##### Extracted material #####
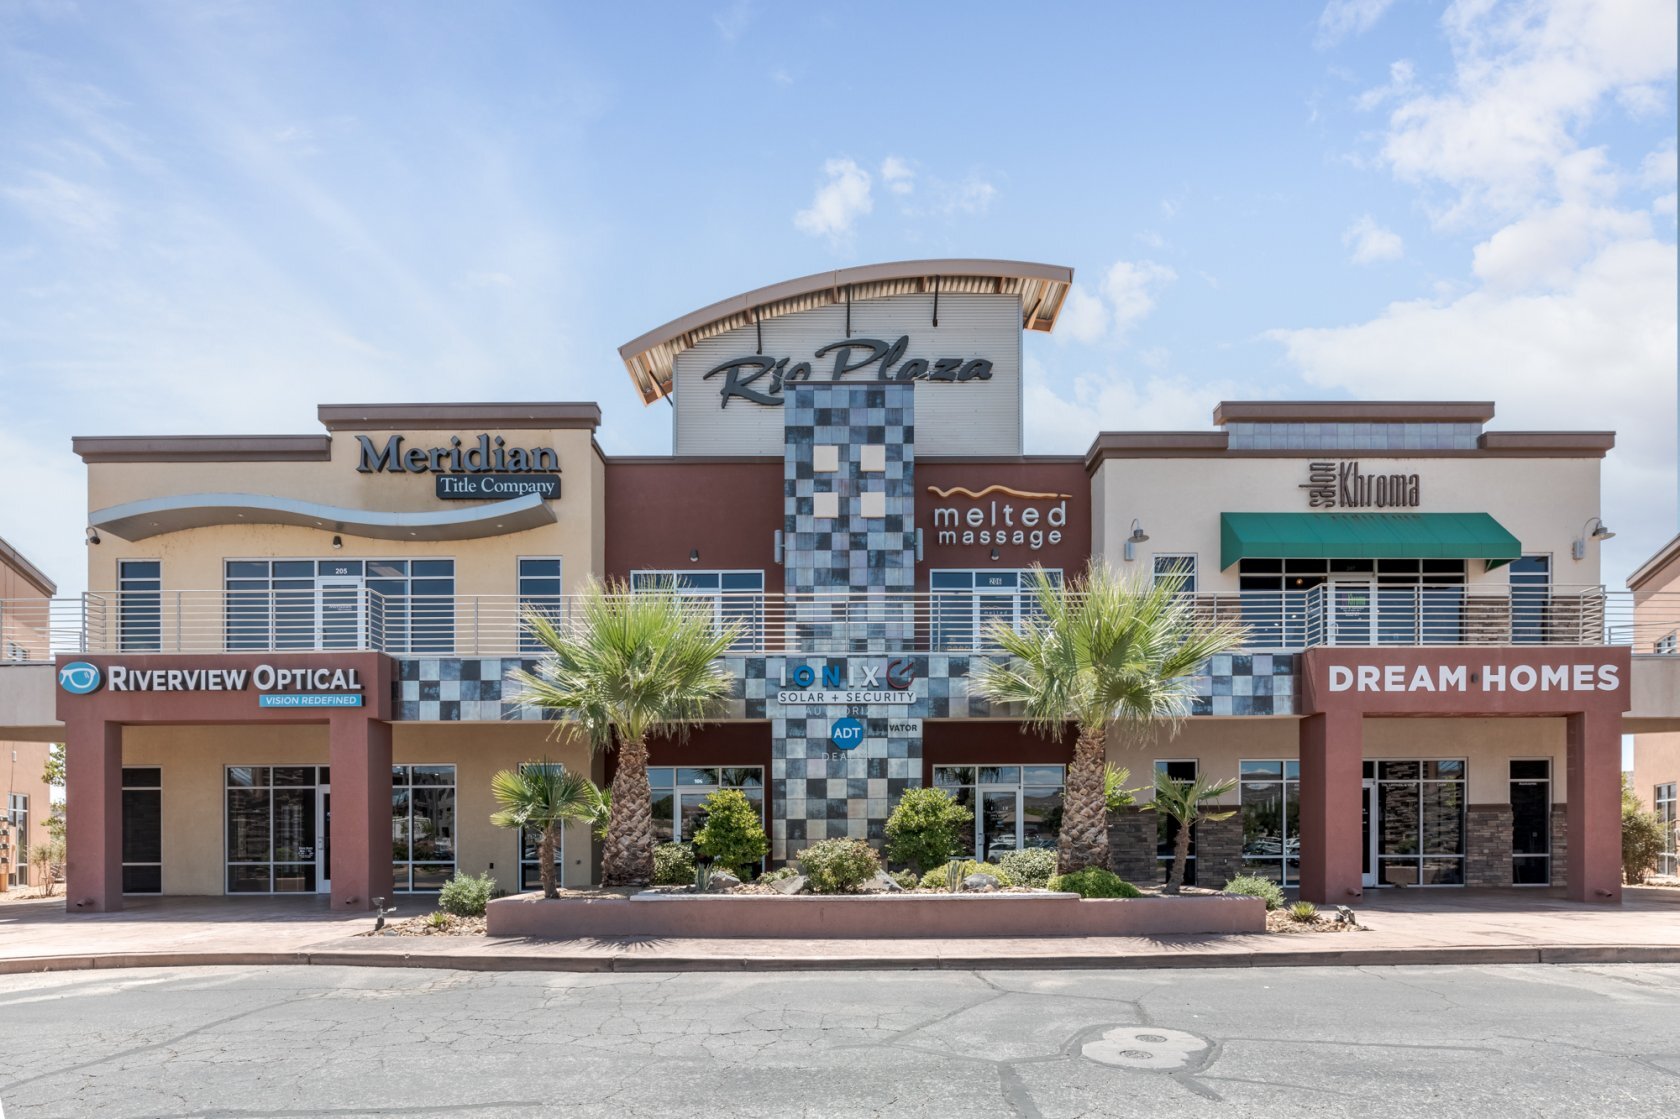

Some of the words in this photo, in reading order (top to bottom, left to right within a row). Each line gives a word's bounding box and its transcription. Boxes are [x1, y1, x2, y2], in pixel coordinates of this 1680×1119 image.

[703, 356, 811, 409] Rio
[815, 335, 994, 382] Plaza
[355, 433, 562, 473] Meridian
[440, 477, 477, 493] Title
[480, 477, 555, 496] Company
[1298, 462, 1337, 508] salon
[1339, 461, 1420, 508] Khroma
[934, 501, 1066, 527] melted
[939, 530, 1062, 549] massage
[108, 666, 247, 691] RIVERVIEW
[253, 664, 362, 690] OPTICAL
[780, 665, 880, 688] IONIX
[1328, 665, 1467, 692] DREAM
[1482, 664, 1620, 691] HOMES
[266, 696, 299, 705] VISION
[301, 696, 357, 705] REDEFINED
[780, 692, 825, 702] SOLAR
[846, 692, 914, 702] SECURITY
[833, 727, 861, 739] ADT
#####
> **Activity**: Leaving the pictures out, output each line of the listing exactly.

> **Result for this task**:
Some of the words in this photo, in reading order (top to bottom, left to right within a row). Each line gives a word's bounding box and its transcription. Boxes are [x1, y1, x2, y2], in pixel coordinates of this 1680×1119 image.

[703, 356, 811, 409] Rio
[815, 335, 994, 382] Plaza
[355, 433, 562, 473] Meridian
[440, 477, 477, 493] Title
[480, 477, 555, 496] Company
[1298, 462, 1337, 508] salon
[1339, 461, 1420, 508] Khroma
[934, 501, 1066, 527] melted
[939, 530, 1062, 549] massage
[108, 666, 247, 691] RIVERVIEW
[253, 664, 362, 690] OPTICAL
[780, 665, 880, 688] IONIX
[1328, 665, 1467, 692] DREAM
[1482, 664, 1620, 691] HOMES
[266, 696, 299, 705] VISION
[301, 696, 357, 705] REDEFINED
[780, 692, 825, 702] SOLAR
[846, 692, 914, 702] SECURITY
[833, 727, 861, 739] ADT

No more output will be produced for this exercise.